Was ſhe well? was ſhe in health? Sir, when did ſhe ſleepe?

1. Fr.

Theſe are ſtrange Queſtions.

Iay,

I doe not thinke ſhe was very well, for now

You make me minde her, but this very day

I ask’d her queſtions, and ſhe anſwered me

So farre from what ſhe was, ſo childiſhly.
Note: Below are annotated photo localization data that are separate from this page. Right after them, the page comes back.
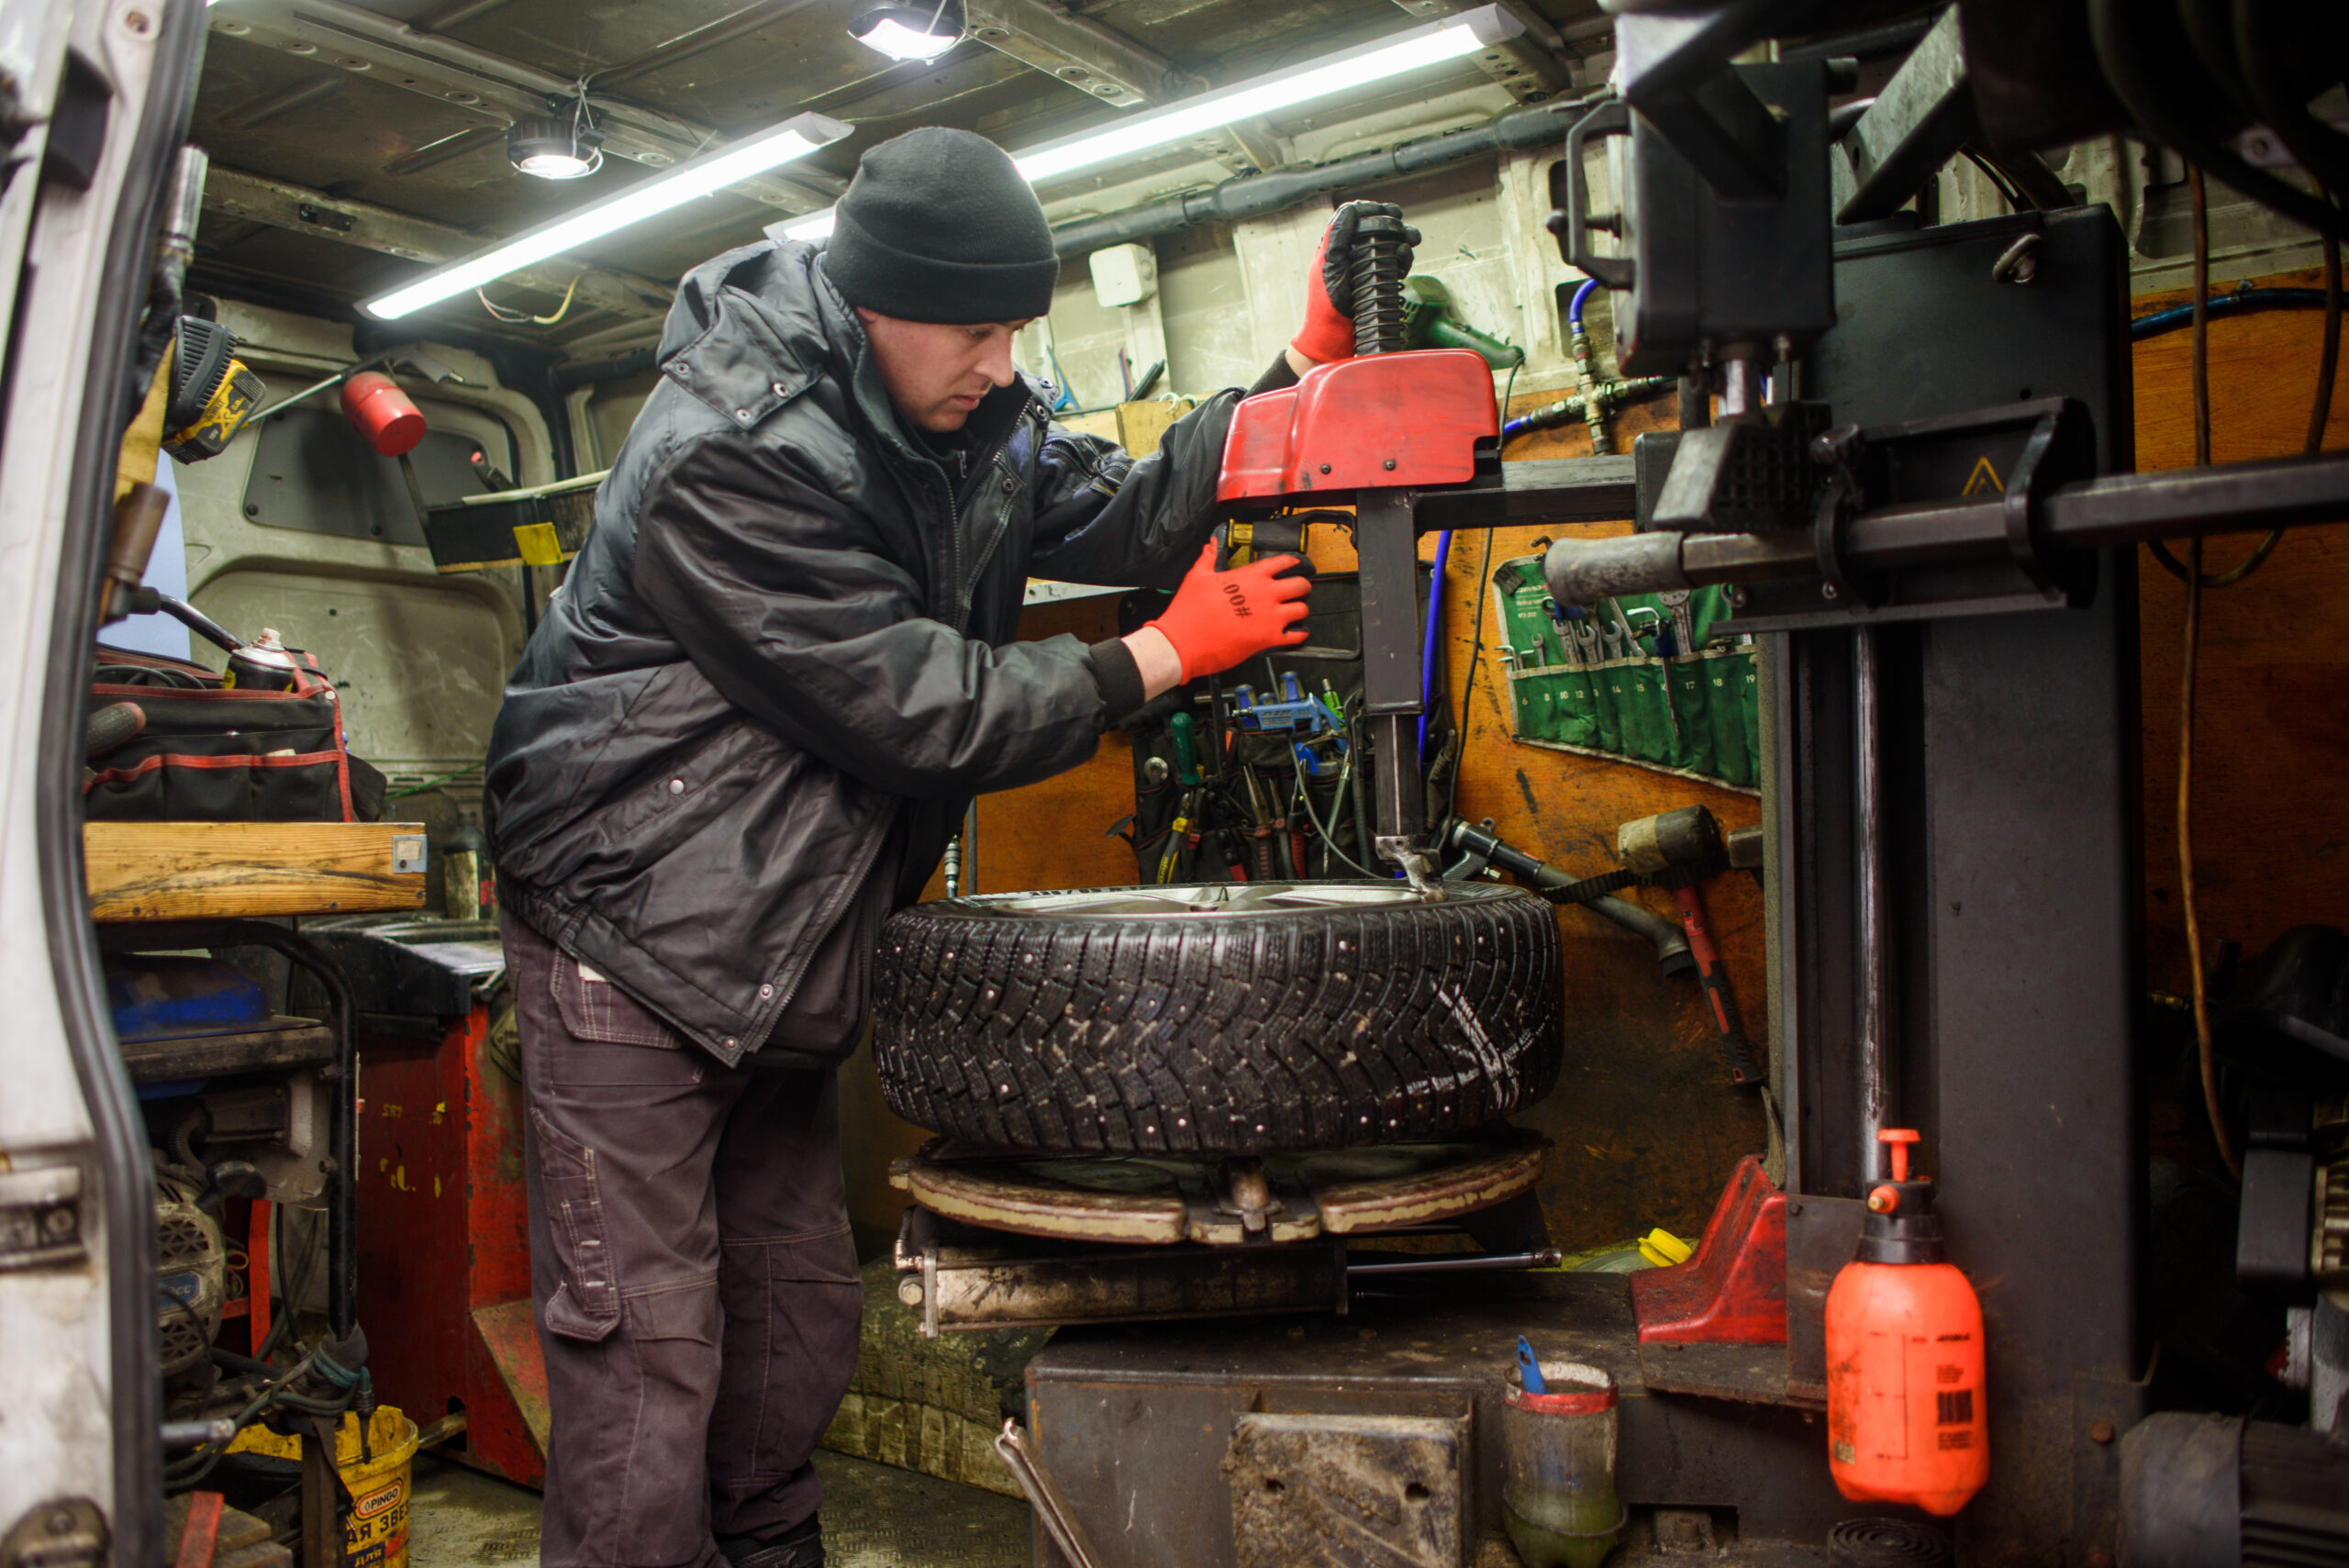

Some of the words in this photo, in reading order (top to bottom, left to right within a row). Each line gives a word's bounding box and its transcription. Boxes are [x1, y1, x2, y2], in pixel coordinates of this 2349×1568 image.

[1544, 694, 1551, 702] 8
[1560, 691, 1569, 699] 10
[1575, 690, 1585, 698] 12
[1612, 684, 1621, 694] 14
[1636, 684, 1645, 692] 15
[1686, 681, 1696, 690] 17
[1713, 678, 1723, 686] 18
[1746, 674, 1755, 684] 19
[371, 1487, 398, 1510] PINGO
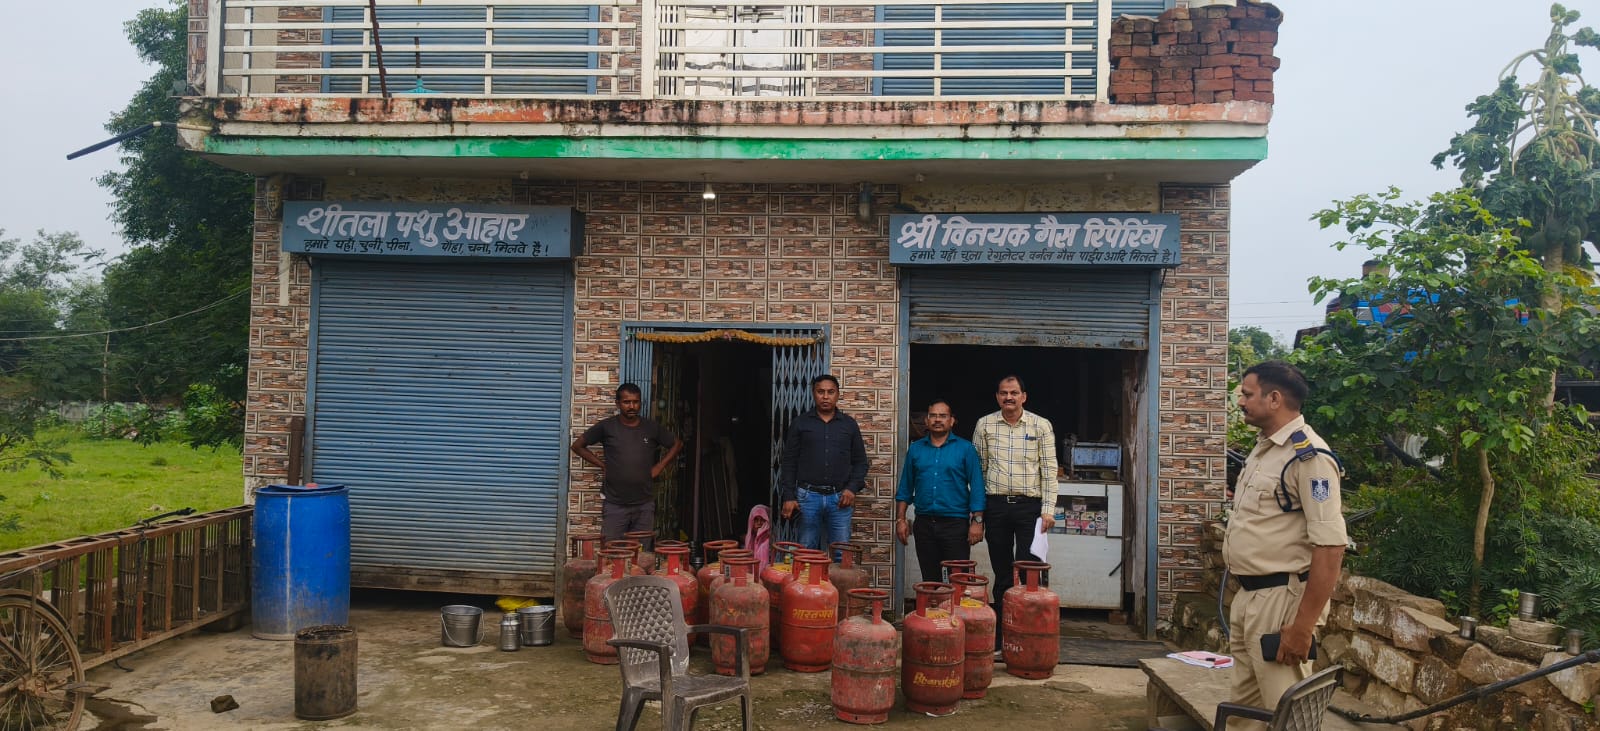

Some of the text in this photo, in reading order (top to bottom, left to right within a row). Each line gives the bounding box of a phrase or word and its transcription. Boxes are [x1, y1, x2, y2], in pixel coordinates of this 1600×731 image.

[297, 204, 529, 247] शीतला पशु आहार
[897, 214, 1168, 249] श्री विनयक गैस रिपेरिंग
[304, 237, 329, 252] हमारे
[495, 241, 528, 254] मिलते
[909, 248, 936, 262] हमारे
[1056, 248, 1076, 261] गैस
[1104, 249, 1128, 263] आदि
[1129, 249, 1159, 262] मिलते
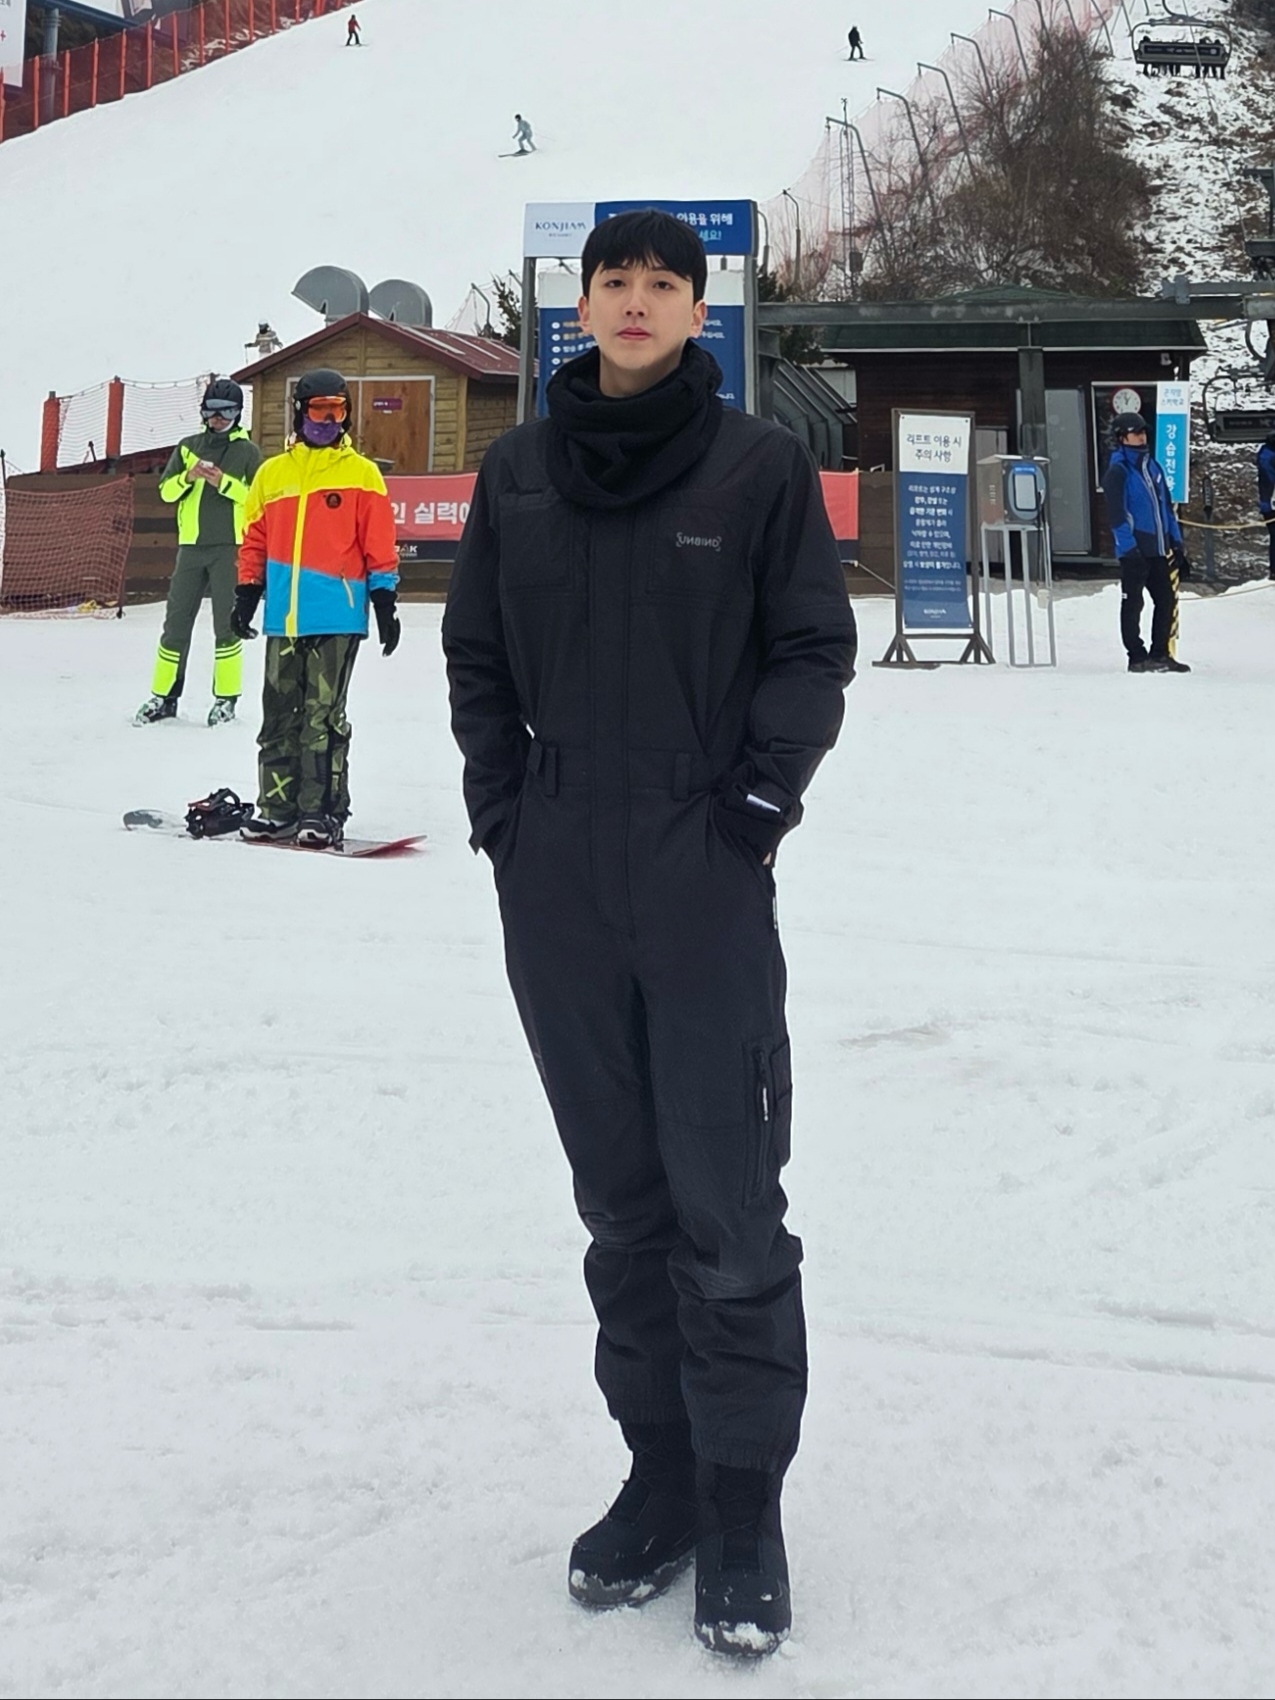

So ſillily, as if ſhe were a foole,

An Inocent, and I was very angry.

But what of her Sir?

Woo.

Nothing but my pitty; but you muſt know it, and as good by me

As by an other that leſſe loves her:

Iay.

Well Sir.

1. Fr.

Not right?

2. Fr.

Not well? ――Wooer, No Sir not well.

Woo.

Tis too true, ſhe is mad.

1. Fr.

It cannot be.

Woo.

Beleeve you’l finde it ſo.

Iay.

I halfe ſuſpeƈted

What you told me: the gods comfort her:

Either this was her love to Palamon,

Or feare of my miſcarrying on his ſcape,

Or both.

Woo.

Tis likely.

Iay.

But why all this haſte Sir?

Woo.

Ile tell you quickly. As I late was angling

In the great Lake that lies behind the Pallace,

From the far ſhore, thicke ſet with reedes, and Sedges,

As patiently I was attending ſport,

I heard a voyce, a ſhrill one, and attentive

I gave my eare, when I might well perceive

T’was one that ſung, and by the ſmallneſſe of it

A boy or woman. I then left my angle

To his owne skill, came neere, but yet perceivd not

Who made the ſound; the ruſhes, and the Reeds

Had ſo encompaſt it: I laide me downe

And liſtned to the words ſhe ſong, for then

Through a small glade cut by the Fiſher men,

I ſaw it was your Daughter.

Iay.

Pray goe on Sir?

Woo.

She ſung much, but no ſence; onely I heard her

Repeat this often. Palamon is gone,

Is gone to’th wood to gather Mulberies,

Ile finde him out to morrow.

1. Fr.

Pretty ſoule.

Woo.

His ſhackles will betray him, hee’l be taken,

And what ſhall I doe then? Ile bring a beavy,

A hundred blacke eyd Maides, that love as I doe

With Chaplets on their heads of Daffadillies,

With cherry-lips, and cheekes of Damaske Roſes,

And all wee’l daunce an Antique fore the Duke,

And beg his pardon; Then ſhe talk’d of you Sir;

That you muſt looſe your head to morrow morning,

And ſhe muſt gather flowers to bury you,

And ſee the houſe made handſome, then ſhe ſung

Nothing but Willow, willow, willow, and betweene

Ever was, Palamon, faire Palamon,

And Palamon, was a tall yong man. The place

Was knee deepe where ſhe ſat; her careles Treſſes,

A wreake of bull-ruſh rounded; about her ſtucke

Thouſand freſh water flowers of ſeverall cullors.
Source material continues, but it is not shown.